We do not recollect that naturalists have ventured to assign any cause for this very remarkable multiplicity of the spinnerules of spiders, so different from the simple spinneret of caterpillars. To us it appears to be an admirable provision for their mode of life. Caterpillars neither require such strong materials, nor that their thread should dry as quickly. It is well known in our manufactures, particularly in rope-spinning, that in cords of equal thickness, those which are composed of many smaller ones united are greatly stronger than those which are spun at once. In the instance of the spider’s thread, this principle must hold still more strikingly, inasmuch as it is composed of fluid materials that require to be dried rapidly, and this drying must be greatly facilitated by exposing so many to the air separately before their union, which is effected at the distance of about a tenth of an inch from the spinnerets. In the following figure each of the threads represented is reckoned to contain one hundred minute threads, the whole forming only one of the spider’s common threads.
Leeuwenhoeck, in one of his extraordinary microscopical observations on a young spider not bigger than a grain of sand, upon enumerating the threadlets in one of its threads, calculated that it would require four millions of them to be as thick as a hair of his beard.
| A single thread of a Spider, greatly magnified, so that, for the small space represented, the lines are shown as parallel. | Attached end of a Spider’s thread magnified. |
Another important advantage derived by the spider from the multiplicity of its threadlets is, that the thread affords a much more secure attachment to a wall, a branch of a tree, or any other object, than if it were simple; for, upon pressing the spinneret against the object, as spiders always do when they fix a thread, the spinnerules are extended over an area of some diameter, from every hair’s-breadth of which a strand, as rope-makers term it, is extended to compound the main cord. The preceding figure exhibits this ingenious contrivance.
Those who may be curious to examine this contrivance will see it best when the line is attached to any black object, for the threads, being whitish, are, in other cases, not so easily perceived.
Shooting of the Lines.
It has long been considered a curious though a difficult investigation, to determine in what manner spiders, seeing that they are destitute of wings, transport themselves from tree to tree, across brooks, and frequently through the air itself, without any apparent starting point. On looking into the authors who have treated upon this subject, it is surprising how little there is to be met with that is new, even in the most recent. Their conclusions, or rather their conjectural opinions, are, however, worthy of notice; for by unlearning error, we the more firmly establish truth.

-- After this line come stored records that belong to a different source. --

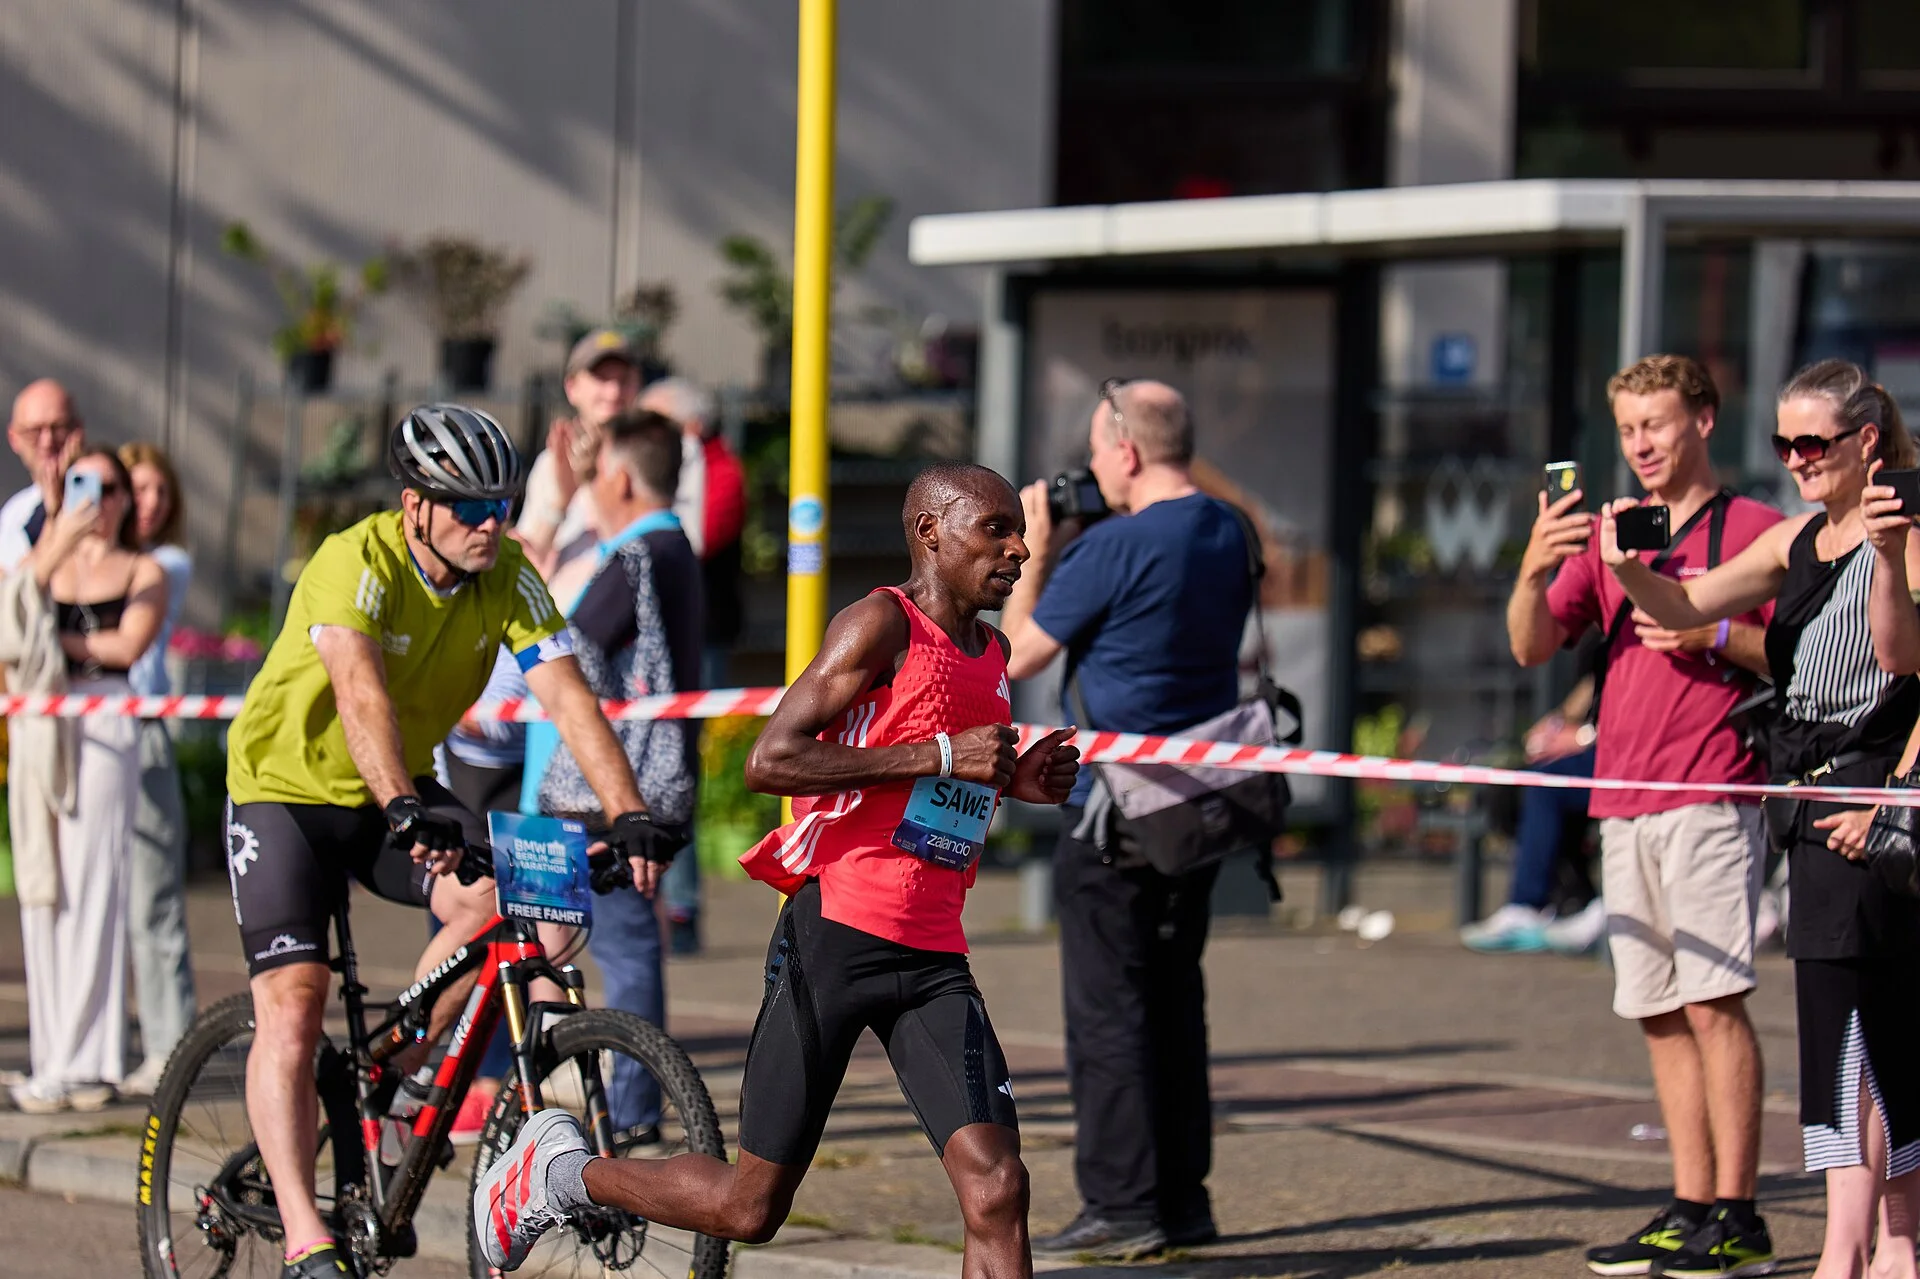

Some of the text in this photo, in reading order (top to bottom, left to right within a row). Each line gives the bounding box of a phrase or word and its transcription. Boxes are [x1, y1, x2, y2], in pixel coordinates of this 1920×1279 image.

[930, 781, 991, 821] SAWE
[953, 820, 959, 828] 3
[514, 838, 546, 854] BMW
[927, 834, 971, 857] zalando
[515, 851, 548, 863] BERLIN
[507, 902, 585, 924] FREIE FAHRT
[398, 945, 468, 1007] ROTWILD
[139, 1115, 161, 1206] MAXXIS

1. One of the earliest notions upon this subject is that of Blancanus, the commentator on Aristotle, which is partly adopted by Redi, by Henricus Regius of Utrecht, by Swammerdam, [EK] by Lehmann, and by Kirby and Spence.[EL] “The spider’s thread,” says Swammerdam, “is generally made up of two or more parts, and after descending by such a thread, it ascends by one only, and is thus enabled to waft itself from one height or tree to another, even across running waters; the thread it leaves loose behind it being driven about by the wind, and so fixed to some other body.” “I placed,” says Kirby, "the large garden spider (Epeira diadema) upon a stick about a foot long, set upright in a vessel containing water.… It let itself drop, not by a single thread, but by two, each distant from the other about the twelfth of an inch, guided, as usual, by one of its hind feet, and one apparently smaller than the other. When it had suffered itself to descend nearly to the surface of the water, it stopped short, and by some means, which I could not distinctly see, broke off, close to the spinners, the smallest thread, which still adhering by the other end to the top of the stick, floated in the air, and was so light as to be carried about by the slightest breath. On approaching a pencil to the loose end of this line, it did not adhere from mere contact. I therefore twisted it once or twice round the pencil, and then drew it tight. The spider, which had previously climbed to the top of the stick, immediately pulled at it with one of its feet, and finding it sufficiently tense, crept along it, strengthening it as it proceeded by another thread, and thus reached the pencil."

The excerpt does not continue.